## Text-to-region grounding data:
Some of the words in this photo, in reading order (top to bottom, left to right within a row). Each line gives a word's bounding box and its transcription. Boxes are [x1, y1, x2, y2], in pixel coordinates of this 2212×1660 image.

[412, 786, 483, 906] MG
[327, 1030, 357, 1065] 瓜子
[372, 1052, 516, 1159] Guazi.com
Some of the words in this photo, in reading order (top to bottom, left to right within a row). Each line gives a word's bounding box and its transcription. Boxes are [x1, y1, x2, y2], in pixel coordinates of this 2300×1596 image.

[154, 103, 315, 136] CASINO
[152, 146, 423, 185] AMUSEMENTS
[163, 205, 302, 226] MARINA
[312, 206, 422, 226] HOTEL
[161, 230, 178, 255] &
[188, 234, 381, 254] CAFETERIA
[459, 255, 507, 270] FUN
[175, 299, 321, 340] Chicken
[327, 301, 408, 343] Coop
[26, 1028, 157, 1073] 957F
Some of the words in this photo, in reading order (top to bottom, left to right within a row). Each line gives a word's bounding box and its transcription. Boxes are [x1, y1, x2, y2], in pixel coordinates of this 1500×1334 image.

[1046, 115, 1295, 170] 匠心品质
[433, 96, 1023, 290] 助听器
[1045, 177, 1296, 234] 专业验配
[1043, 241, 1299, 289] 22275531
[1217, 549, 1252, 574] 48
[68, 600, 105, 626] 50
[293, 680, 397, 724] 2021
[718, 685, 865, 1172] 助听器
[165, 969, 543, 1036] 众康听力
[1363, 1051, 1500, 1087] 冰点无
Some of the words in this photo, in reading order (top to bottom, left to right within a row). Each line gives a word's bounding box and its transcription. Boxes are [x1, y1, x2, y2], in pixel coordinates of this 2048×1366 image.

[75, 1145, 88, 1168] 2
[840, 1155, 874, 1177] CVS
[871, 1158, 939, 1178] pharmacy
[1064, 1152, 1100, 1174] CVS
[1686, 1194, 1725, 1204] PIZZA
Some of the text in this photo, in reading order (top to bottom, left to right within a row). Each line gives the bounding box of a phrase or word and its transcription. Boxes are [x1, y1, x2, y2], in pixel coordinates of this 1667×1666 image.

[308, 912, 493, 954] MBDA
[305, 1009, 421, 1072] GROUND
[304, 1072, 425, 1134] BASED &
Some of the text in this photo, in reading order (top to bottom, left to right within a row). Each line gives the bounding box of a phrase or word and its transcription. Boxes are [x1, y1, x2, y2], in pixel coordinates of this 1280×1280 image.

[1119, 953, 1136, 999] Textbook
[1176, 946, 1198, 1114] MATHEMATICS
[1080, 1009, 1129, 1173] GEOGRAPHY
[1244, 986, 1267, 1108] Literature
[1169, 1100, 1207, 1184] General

## Requirement:
Output all entries again exactly; no line may be altered.

## Task output:
Some of the words in this photo, in reading order (top to bottom, left to right within a row). Each line gives a word's bounding box and its transcription. Boxes are [x1, y1, x2, y2], in pixel coordinates of this 2212×1660 image.

[412, 786, 483, 906] MG
[327, 1030, 357, 1065] 瓜子
[372, 1052, 516, 1159] Guazi.com
Some of the words in this photo, in reading order (top to bottom, left to right within a row). Each line gives a word's bounding box and its transcription. Boxes are [x1, y1, x2, y2], in pixel coordinates of this 2300×1596 image.

[154, 103, 315, 136] CASINO
[152, 146, 423, 185] AMUSEMENTS
[163, 205, 302, 226] MARINA
[312, 206, 422, 226] HOTEL
[161, 230, 178, 255] &
[188, 234, 381, 254] CAFETERIA
[459, 255, 507, 270] FUN
[175, 299, 321, 340] Chicken
[327, 301, 408, 343] Coop
[26, 1028, 157, 1073] 957F
Some of the words in this photo, in reading order (top to bottom, left to right within a row). Each line gives a word's bounding box and its transcription. Boxes are [x1, y1, x2, y2], in pixel coordinates of this 1500×1334 image.

[1046, 115, 1295, 170] 匠心品质
[433, 96, 1023, 290] 助听器
[1045, 177, 1296, 234] 专业验配
[1043, 241, 1299, 289] 22275531
[1217, 549, 1252, 574] 48
[68, 600, 105, 626] 50
[293, 680, 397, 724] 2021
[718, 685, 865, 1172] 助听器
[165, 969, 543, 1036] 众康听力
[1363, 1051, 1500, 1087] 冰点无
Some of the words in this photo, in reading order (top to bottom, left to right within a row). Each line gives a word's bounding box and its transcription. Boxes are [x1, y1, x2, y2], in pixel coordinates of this 2048×1366 image.

[75, 1145, 88, 1168] 2
[840, 1155, 874, 1177] CVS
[871, 1158, 939, 1178] pharmacy
[1064, 1152, 1100, 1174] CVS
[1686, 1194, 1725, 1204] PIZZA
Some of the text in this photo, in reading order (top to bottom, left to right within a row). Each line gives the bounding box of a phrase or word and its transcription. Boxes are [x1, y1, x2, y2], in pixel coordinates of this 1667×1666 image.

[308, 912, 493, 954] MBDA
[305, 1009, 421, 1072] GROUND
[304, 1072, 425, 1134] BASED &
Some of the text in this photo, in reading order (top to bottom, left to right within a row). Each line gives the bounding box of a phrase or word and its transcription. Boxes are [x1, y1, x2, y2], in pixel coordinates of this 1280×1280 image.

[1119, 953, 1136, 999] Textbook
[1176, 946, 1198, 1114] MATHEMATICS
[1080, 1009, 1129, 1173] GEOGRAPHY
[1244, 986, 1267, 1108] Literature
[1169, 1100, 1207, 1184] General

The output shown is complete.